WHAT YOU WILL DO -
Every entry must appear in the output exactly as it does here.

PROVIDED RECORDS -
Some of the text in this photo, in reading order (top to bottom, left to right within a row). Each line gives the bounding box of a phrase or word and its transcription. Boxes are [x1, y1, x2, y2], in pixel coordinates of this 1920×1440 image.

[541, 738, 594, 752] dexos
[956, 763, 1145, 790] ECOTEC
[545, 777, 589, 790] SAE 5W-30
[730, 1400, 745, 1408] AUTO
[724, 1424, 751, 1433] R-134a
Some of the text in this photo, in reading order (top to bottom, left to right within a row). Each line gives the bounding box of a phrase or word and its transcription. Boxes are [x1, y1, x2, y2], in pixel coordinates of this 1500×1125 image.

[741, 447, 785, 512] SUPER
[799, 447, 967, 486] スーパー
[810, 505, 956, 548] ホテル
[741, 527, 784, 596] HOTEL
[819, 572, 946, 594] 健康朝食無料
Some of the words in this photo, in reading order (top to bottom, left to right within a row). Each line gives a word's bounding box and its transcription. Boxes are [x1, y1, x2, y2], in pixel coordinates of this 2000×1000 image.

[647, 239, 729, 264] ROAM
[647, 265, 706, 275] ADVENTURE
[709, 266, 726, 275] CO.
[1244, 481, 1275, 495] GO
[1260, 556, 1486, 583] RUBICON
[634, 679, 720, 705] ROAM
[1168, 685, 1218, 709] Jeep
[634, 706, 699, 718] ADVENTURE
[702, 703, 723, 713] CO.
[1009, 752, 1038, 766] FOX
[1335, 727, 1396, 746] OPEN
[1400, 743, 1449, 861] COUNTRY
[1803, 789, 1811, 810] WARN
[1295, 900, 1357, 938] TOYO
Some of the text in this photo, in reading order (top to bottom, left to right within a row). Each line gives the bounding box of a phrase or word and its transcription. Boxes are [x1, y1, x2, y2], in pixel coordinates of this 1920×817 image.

TASK ANSWER -
Some of the text in this photo, in reading order (top to bottom, left to right within a row). Each line gives the bounding box of a phrase or word and its transcription. Boxes are [x1, y1, x2, y2], in pixel coordinates of this 1920×1440 image.

[541, 738, 594, 752] dexos
[956, 763, 1145, 790] ECOTEC
[545, 777, 589, 790] SAE 5W-30
[730, 1400, 745, 1408] AUTO
[724, 1424, 751, 1433] R-134a
Some of the text in this photo, in reading order (top to bottom, left to right within a row). Each line gives the bounding box of a phrase or word and its transcription. Boxes are [x1, y1, x2, y2], in pixel coordinates of this 1500×1125 image.

[741, 447, 785, 512] SUPER
[799, 447, 967, 486] スーパー
[810, 505, 956, 548] ホテル
[741, 527, 784, 596] HOTEL
[819, 572, 946, 594] 健康朝食無料
Some of the words in this photo, in reading order (top to bottom, left to right within a row). Each line gives a word's bounding box and its transcription. Boxes are [x1, y1, x2, y2], in pixel coordinates of this 2000×1000 image.

[647, 239, 729, 264] ROAM
[647, 265, 706, 275] ADVENTURE
[709, 266, 726, 275] CO.
[1244, 481, 1275, 495] GO
[1260, 556, 1486, 583] RUBICON
[634, 679, 720, 705] ROAM
[1168, 685, 1218, 709] Jeep
[634, 706, 699, 718] ADVENTURE
[702, 703, 723, 713] CO.
[1009, 752, 1038, 766] FOX
[1335, 727, 1396, 746] OPEN
[1400, 743, 1449, 861] COUNTRY
[1803, 789, 1811, 810] WARN
[1295, 900, 1357, 938] TOYO
Some of the text in this photo, in reading order (top to bottom, left to right within a row). Each line gives the bounding box of a phrase or word and its transcription. Boxes are [x1, y1, x2, y2], in pixel coordinates of this 1920×817 image.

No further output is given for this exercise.